_What you have to do:_ Each line from the one with "this 1440×960 image." through the last line of the records must be output exactly, both ends included.

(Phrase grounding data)

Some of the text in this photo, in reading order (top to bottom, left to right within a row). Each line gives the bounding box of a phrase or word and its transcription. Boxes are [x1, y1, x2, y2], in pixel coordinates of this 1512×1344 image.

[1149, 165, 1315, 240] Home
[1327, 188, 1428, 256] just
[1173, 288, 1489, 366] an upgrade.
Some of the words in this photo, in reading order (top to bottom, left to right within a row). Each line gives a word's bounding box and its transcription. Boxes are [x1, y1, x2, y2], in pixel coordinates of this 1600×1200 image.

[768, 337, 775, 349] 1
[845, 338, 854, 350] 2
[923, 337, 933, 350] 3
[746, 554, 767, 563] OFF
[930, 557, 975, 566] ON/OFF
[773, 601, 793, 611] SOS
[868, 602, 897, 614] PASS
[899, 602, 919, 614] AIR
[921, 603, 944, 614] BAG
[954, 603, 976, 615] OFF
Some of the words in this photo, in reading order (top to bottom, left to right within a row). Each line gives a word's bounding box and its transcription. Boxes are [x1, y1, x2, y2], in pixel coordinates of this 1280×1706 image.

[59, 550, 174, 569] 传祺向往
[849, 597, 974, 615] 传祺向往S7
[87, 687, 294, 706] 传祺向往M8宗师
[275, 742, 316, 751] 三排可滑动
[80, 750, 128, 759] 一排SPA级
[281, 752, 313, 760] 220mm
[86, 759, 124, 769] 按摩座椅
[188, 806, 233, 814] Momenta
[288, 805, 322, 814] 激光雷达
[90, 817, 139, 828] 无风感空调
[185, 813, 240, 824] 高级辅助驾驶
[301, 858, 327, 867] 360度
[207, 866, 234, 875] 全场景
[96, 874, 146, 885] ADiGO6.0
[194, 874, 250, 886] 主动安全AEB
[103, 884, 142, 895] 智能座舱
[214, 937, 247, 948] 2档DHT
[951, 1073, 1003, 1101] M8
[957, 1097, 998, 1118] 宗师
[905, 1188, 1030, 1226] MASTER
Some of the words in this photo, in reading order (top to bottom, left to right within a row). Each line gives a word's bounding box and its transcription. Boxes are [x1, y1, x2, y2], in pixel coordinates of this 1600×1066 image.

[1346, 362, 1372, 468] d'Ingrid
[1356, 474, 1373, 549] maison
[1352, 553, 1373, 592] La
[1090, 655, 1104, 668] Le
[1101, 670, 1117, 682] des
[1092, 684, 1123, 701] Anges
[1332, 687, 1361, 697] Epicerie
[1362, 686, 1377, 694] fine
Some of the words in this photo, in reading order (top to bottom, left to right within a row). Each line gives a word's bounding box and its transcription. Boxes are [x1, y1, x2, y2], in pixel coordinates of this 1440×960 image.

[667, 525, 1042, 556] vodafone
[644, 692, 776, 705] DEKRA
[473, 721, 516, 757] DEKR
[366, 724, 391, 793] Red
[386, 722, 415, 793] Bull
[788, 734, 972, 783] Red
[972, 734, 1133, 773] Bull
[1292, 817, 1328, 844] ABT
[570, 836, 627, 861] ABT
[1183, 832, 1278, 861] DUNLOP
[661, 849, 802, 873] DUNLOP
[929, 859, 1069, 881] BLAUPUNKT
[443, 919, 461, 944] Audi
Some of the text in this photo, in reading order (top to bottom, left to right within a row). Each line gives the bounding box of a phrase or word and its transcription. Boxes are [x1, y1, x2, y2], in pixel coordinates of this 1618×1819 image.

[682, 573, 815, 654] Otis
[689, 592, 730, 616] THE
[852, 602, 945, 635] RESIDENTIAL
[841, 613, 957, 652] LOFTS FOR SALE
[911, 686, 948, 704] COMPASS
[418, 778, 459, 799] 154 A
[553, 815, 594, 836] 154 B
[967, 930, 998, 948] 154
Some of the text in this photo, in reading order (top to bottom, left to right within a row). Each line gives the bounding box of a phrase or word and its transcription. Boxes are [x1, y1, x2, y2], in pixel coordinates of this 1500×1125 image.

_Completed task:_
Some of the words in this photo, in reading order (top to bottom, left to right within a row). Each line gives a word's bounding box and its transcription. Boxes are [x1, y1, x2, y2], in pixel coordinates of this 1440×960 image.

[667, 525, 1042, 556] vodafone
[644, 692, 776, 705] DEKRA
[473, 721, 516, 757] DEKR
[366, 724, 391, 793] Red
[386, 722, 415, 793] Bull
[788, 734, 972, 783] Red
[972, 734, 1133, 773] Bull
[1292, 817, 1328, 844] ABT
[570, 836, 627, 861] ABT
[1183, 832, 1278, 861] DUNLOP
[661, 849, 802, 873] DUNLOP
[929, 859, 1069, 881] BLAUPUNKT
[443, 919, 461, 944] Audi
Some of the text in this photo, in reading order (top to bottom, left to right within a row). Each line gives the bounding box of a phrase or word and its transcription. Boxes are [x1, y1, x2, y2], in pixel coordinates of this 1618×1819 image.

[682, 573, 815, 654] Otis
[689, 592, 730, 616] THE
[852, 602, 945, 635] RESIDENTIAL
[841, 613, 957, 652] LOFTS FOR SALE
[911, 686, 948, 704] COMPASS
[418, 778, 459, 799] 154 A
[553, 815, 594, 836] 154 B
[967, 930, 998, 948] 154
Some of the text in this photo, in reading order (top to bottom, left to right within a row). Each line gives the bounding box of a phrase or word and its transcription. Boxes are [x1, y1, x2, y2], in pixel coordinates of this 1500×1125 image.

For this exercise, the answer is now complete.